Even though you might promise yourself that you will keep junk food out of the house, it can be really tough to do. Also, even if you try your hardest to avoid temptation and manage food triggers, you simply can’t always avoid cravings, and that can all make your weight loss journey so much harder than it needs to be. You might end up swearing off certain unhealthy treats, only to find yourself giving in to those cravings and binging later on. Not good!
According to Piedmont, common trigger foods are those that are high in unhealthy fat, salt, and sugar. They are terrible for your health, but they taste amazing, so the temptation is strong. Thankfully, there are several ways that you can work on taking control to manage food triggers, and one of them is exposure therapy. Check out the information below to learn what it’s all about.
The Basics of Exposure Therapy to Manage Food Triggers
To be able to manage your weight for the long run, it’s better to give yourself repeated exposure to the foods that trigger your cravings.

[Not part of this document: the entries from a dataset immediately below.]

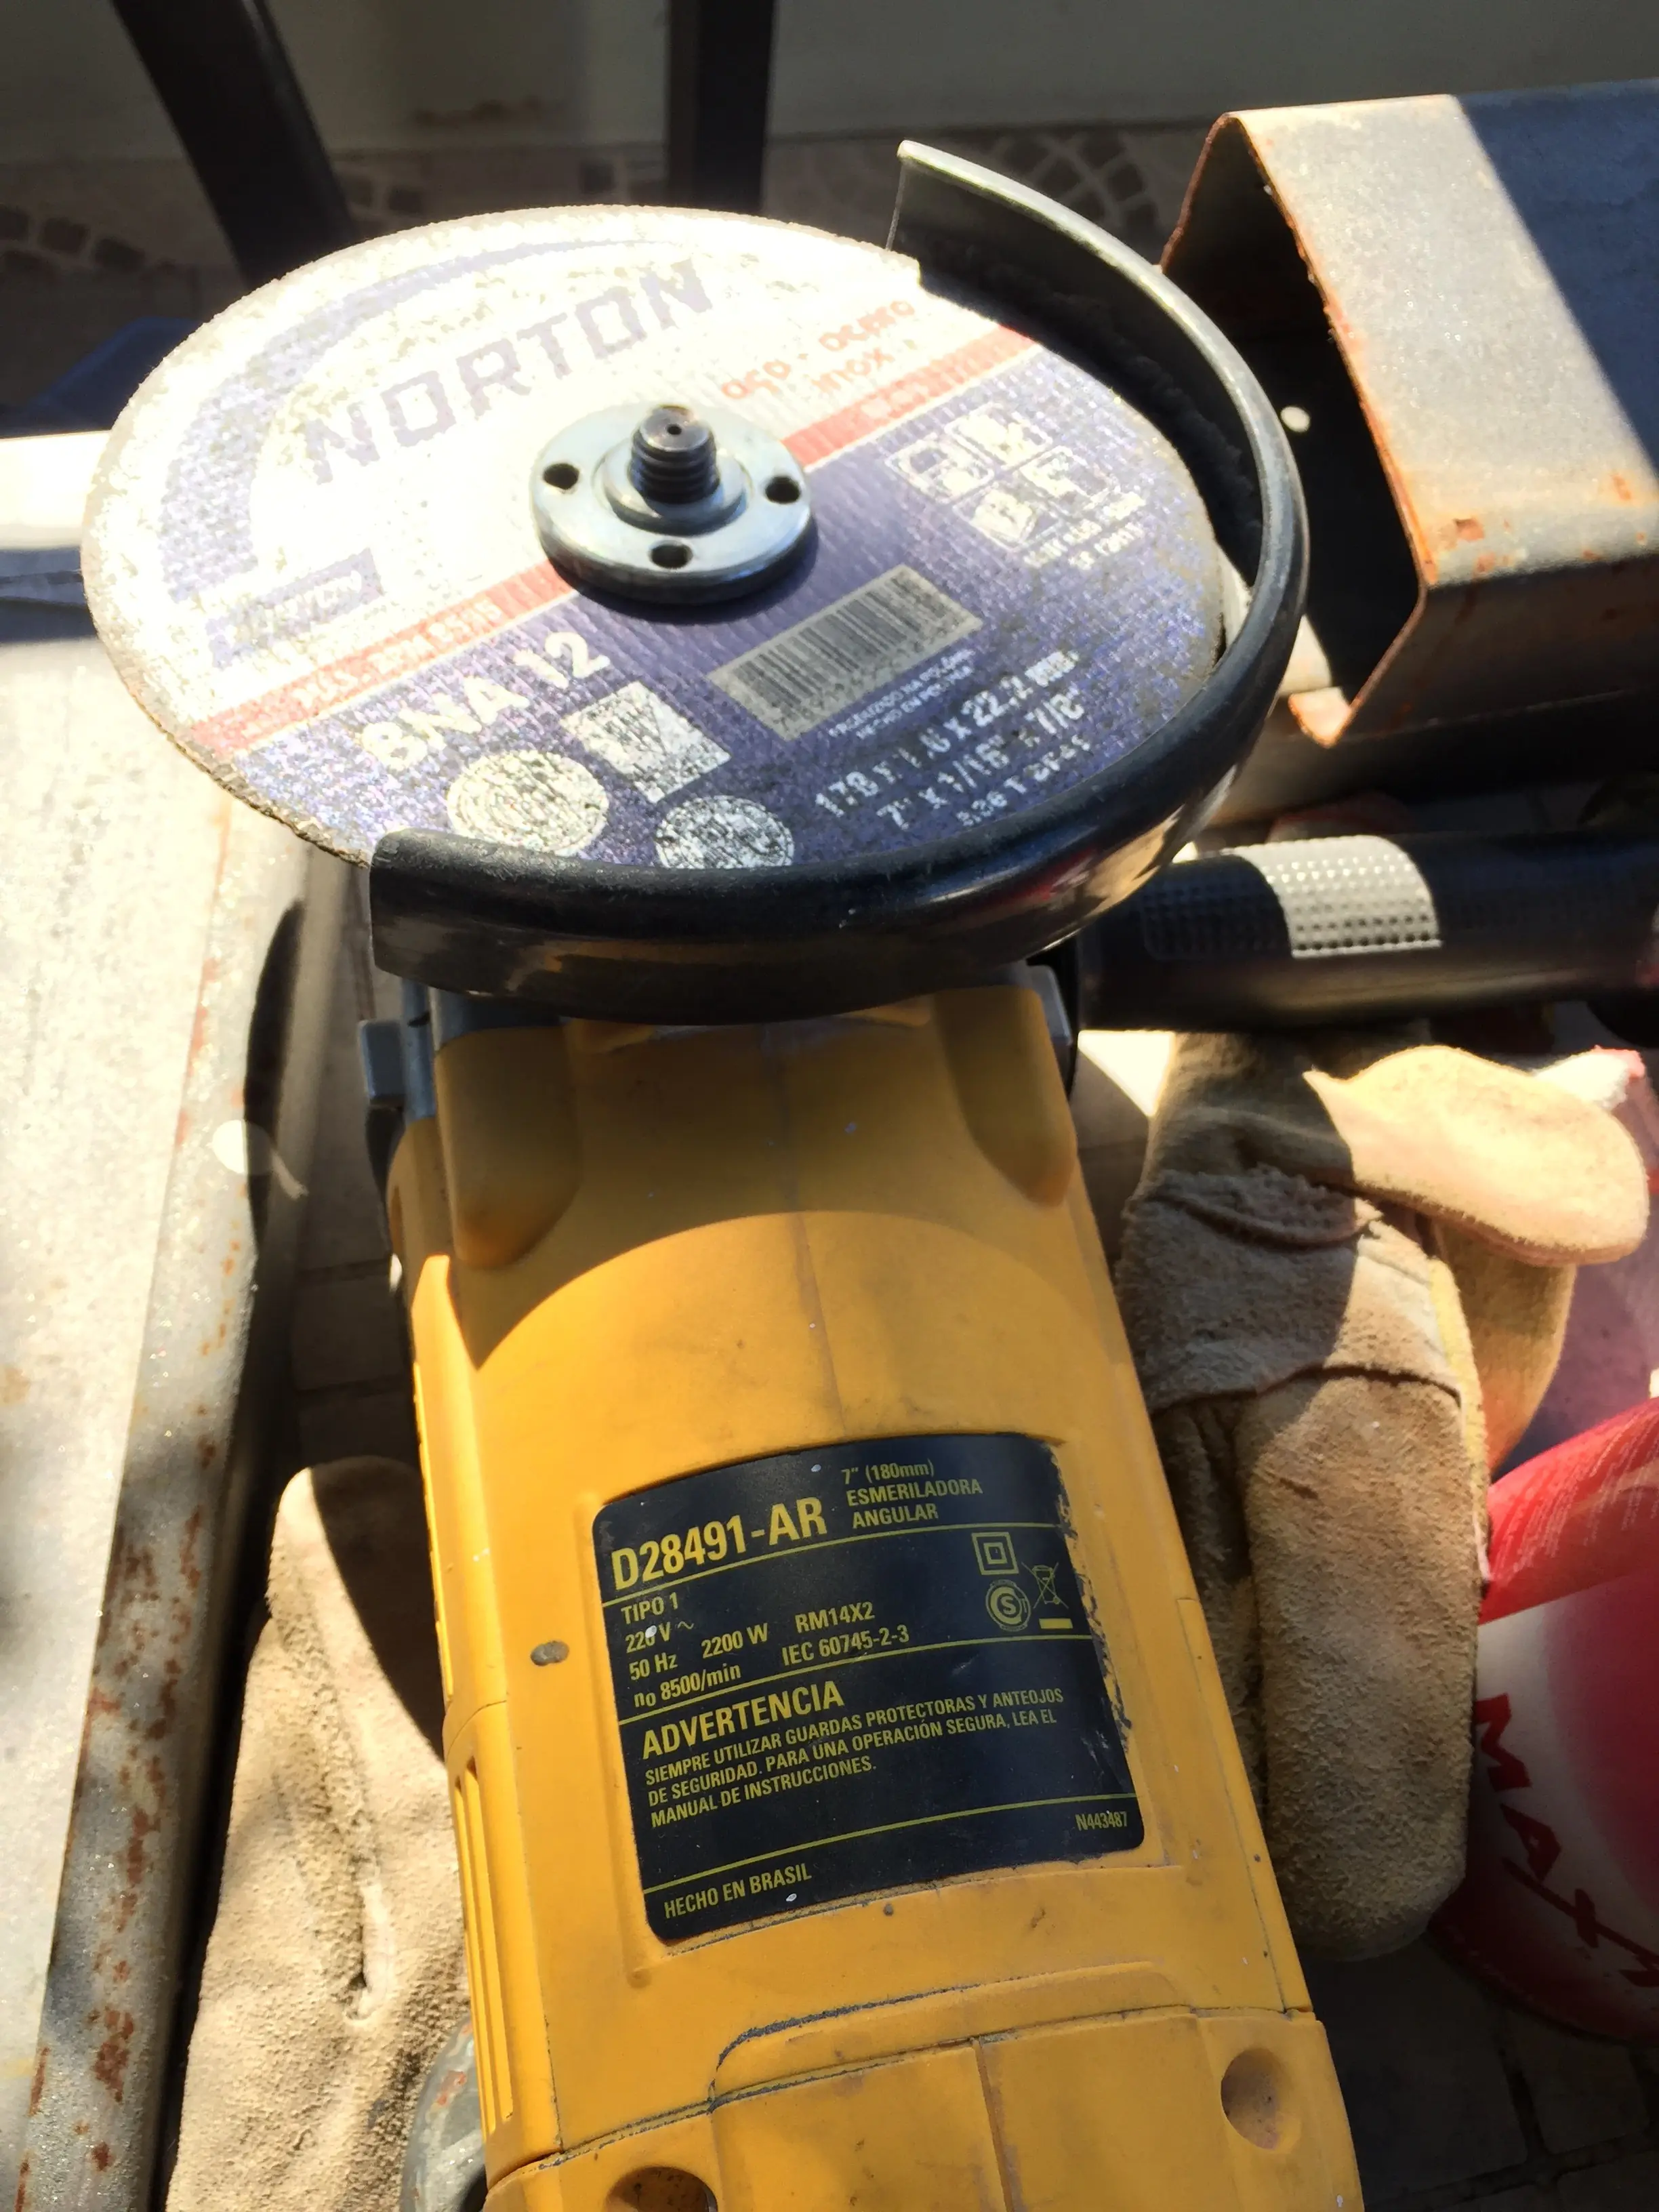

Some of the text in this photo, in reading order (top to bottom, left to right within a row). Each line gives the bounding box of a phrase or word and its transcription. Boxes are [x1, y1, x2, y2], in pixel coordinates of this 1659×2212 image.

[305, 258, 713, 485] NORTON
[841, 1458, 935, 1484] 7" (180mm)
[846, 1479, 983, 1507] ESMERILADORA
[852, 1503, 939, 1529] ANGULAR
[611, 1496, 827, 1589] D28491-AR
[621, 1592, 678, 1624] TIPO 1
[795, 1601, 875, 1631] RM14X2
[701, 1623, 768, 1658] 2200 W
[782, 1624, 909, 1666] IEC 60745-2-3
[629, 1652, 678, 1681] 50 Hz
[660, 1662, 741, 1701] 8500/min
[643, 1681, 844, 1759] ADVERTENCIA
[646, 1688, 1063, 1785] SIEMPRE UTILIZAR GUARDAS PROTECTORAS Y ANTEOJOS
[649, 1708, 1057, 1807] DE SEGURIDAD. PARA UNA OPERACIÓN SEGURA, LEA EL
[651, 1756, 877, 1828] MANUAL DE INSTRUCCIONES.
[1075, 1811, 1127, 1831] N443487
[665, 1863, 812, 1918] HECHO EN BRASIL

This is more effective than eliminating them abruptly. Over time, with this method, you can become comfortable with the fact that the triggering foods are in your environment, and you won’t feel the need to give in to the cravings.
How to Implement Exposure Therapy to Manage Food Triggers
How does exposure therapy work? You continually expose yourself to the food trigger, but you do so in increasing degrees. You work on this until you can fully encounter a trigger food without giving in.

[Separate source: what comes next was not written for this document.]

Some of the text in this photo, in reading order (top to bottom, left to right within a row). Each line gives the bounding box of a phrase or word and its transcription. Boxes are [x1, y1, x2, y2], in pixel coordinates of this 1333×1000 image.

Here’s how to get started:
- Write down a list of foods that trigger your cravings, and write down the places where you often encounter these foods.
- Rank your triggers by the degree of their severity, and rank the environments by their severity as well.
Writing this information down can help you come up with ideas of how to implement exposure therapy to maintain control over your cravings.
As an example, you might be tempted to eat a lot of fried potato chips at work, but you want to stop. So, when your coworkers are eating them as a snack, you can make sure to be near them, but don’t have any.
It’s a good idea to talk yourself through this. Ask yourself whether the logical or emotional side of you is craving the food. Are you only craving the flavor? If you don’t have the food, you’ll be perfectly fine, right? After a bit of time, move to a different area to remove yourself from the trigger. Then, repeat this over time, remaining consistent. Before long, you won’t need to leave the area.
As you tackle one craving and one environment, you can move on to the next. Start with the easiest and work your way to the hardest.
Stay Positive to Manage Food Triggers!
With the right effort and strategy, before you know it, you will be able to be near trigger foods without giving in. And, if you fail along the way, that’s okay! Just jot down why you gave in, and then keep up with this type of therapy. It will all be worth the time and effort that you put into it!